• **The problem**
Copy the data exactly. Images are the one exception.

====================

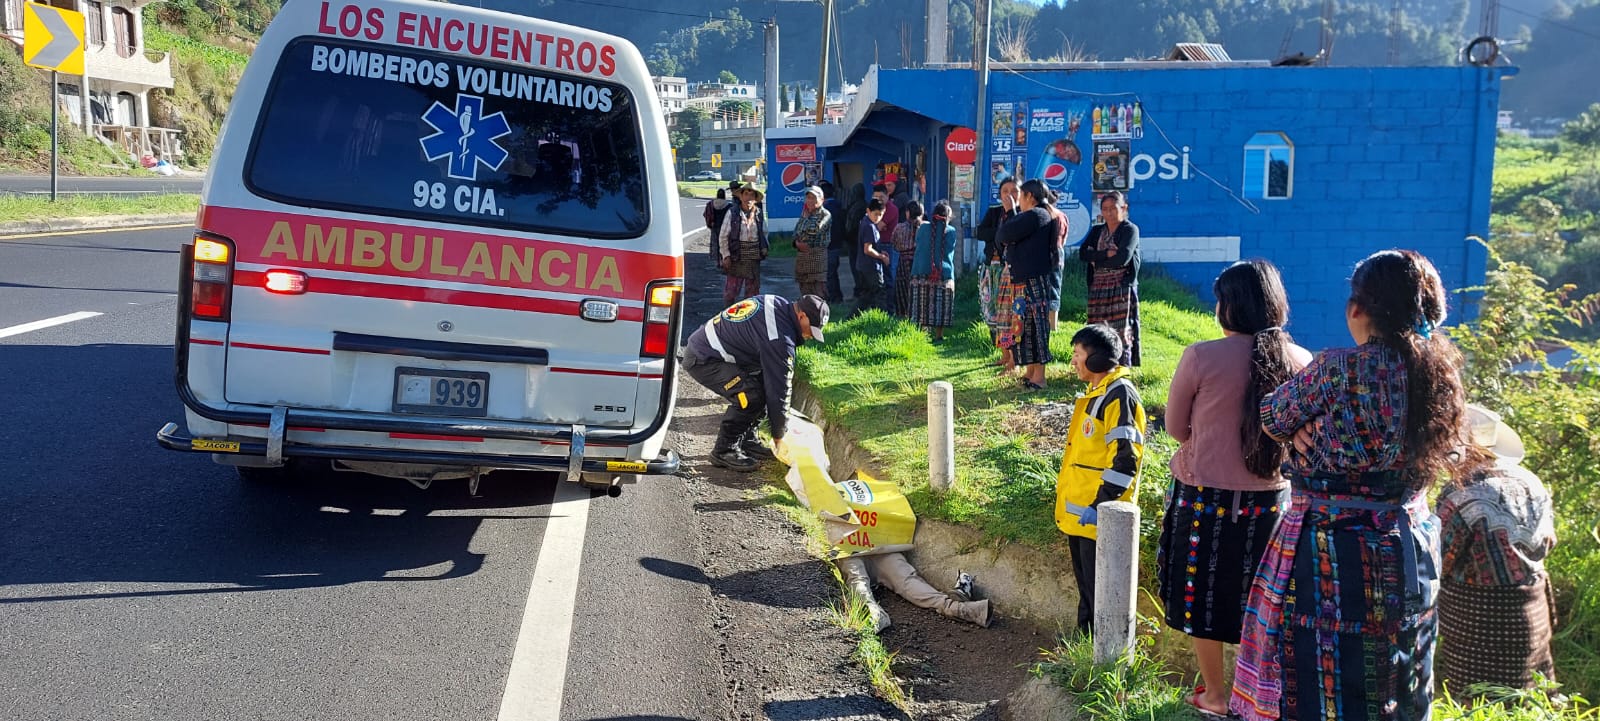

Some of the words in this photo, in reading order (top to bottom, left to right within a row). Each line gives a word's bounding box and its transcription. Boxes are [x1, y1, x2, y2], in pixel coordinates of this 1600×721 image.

[317, 1, 384, 40] LOS
[396, 11, 616, 77] ENCUENTROS
[311, 45, 450, 88] BOMBEROS
[457, 66, 613, 113] VOLUNTARIOS
[947, 140, 975, 151] Claro
[1129, 146, 1189, 189] psi
[413, 180, 447, 208] 98
[454, 184, 505, 217] CIA.
[259, 222, 624, 293] AMBULANCIA
[436, 379, 480, 407] 939

====================

• **Output of the exercise**
Some of the words in this photo, in reading order (top to bottom, left to right within a row). Each line gives a word's bounding box and its transcription. Boxes are [x1, y1, x2, y2], in pixel coordinates of this 1600×721 image.

[317, 1, 384, 40] LOS
[396, 11, 616, 77] ENCUENTROS
[311, 45, 450, 88] BOMBEROS
[457, 66, 613, 113] VOLUNTARIOS
[947, 140, 975, 151] Claro
[1129, 146, 1189, 189] psi
[413, 180, 447, 208] 98
[454, 184, 505, 217] CIA.
[259, 222, 624, 293] AMBULANCIA
[436, 379, 480, 407] 939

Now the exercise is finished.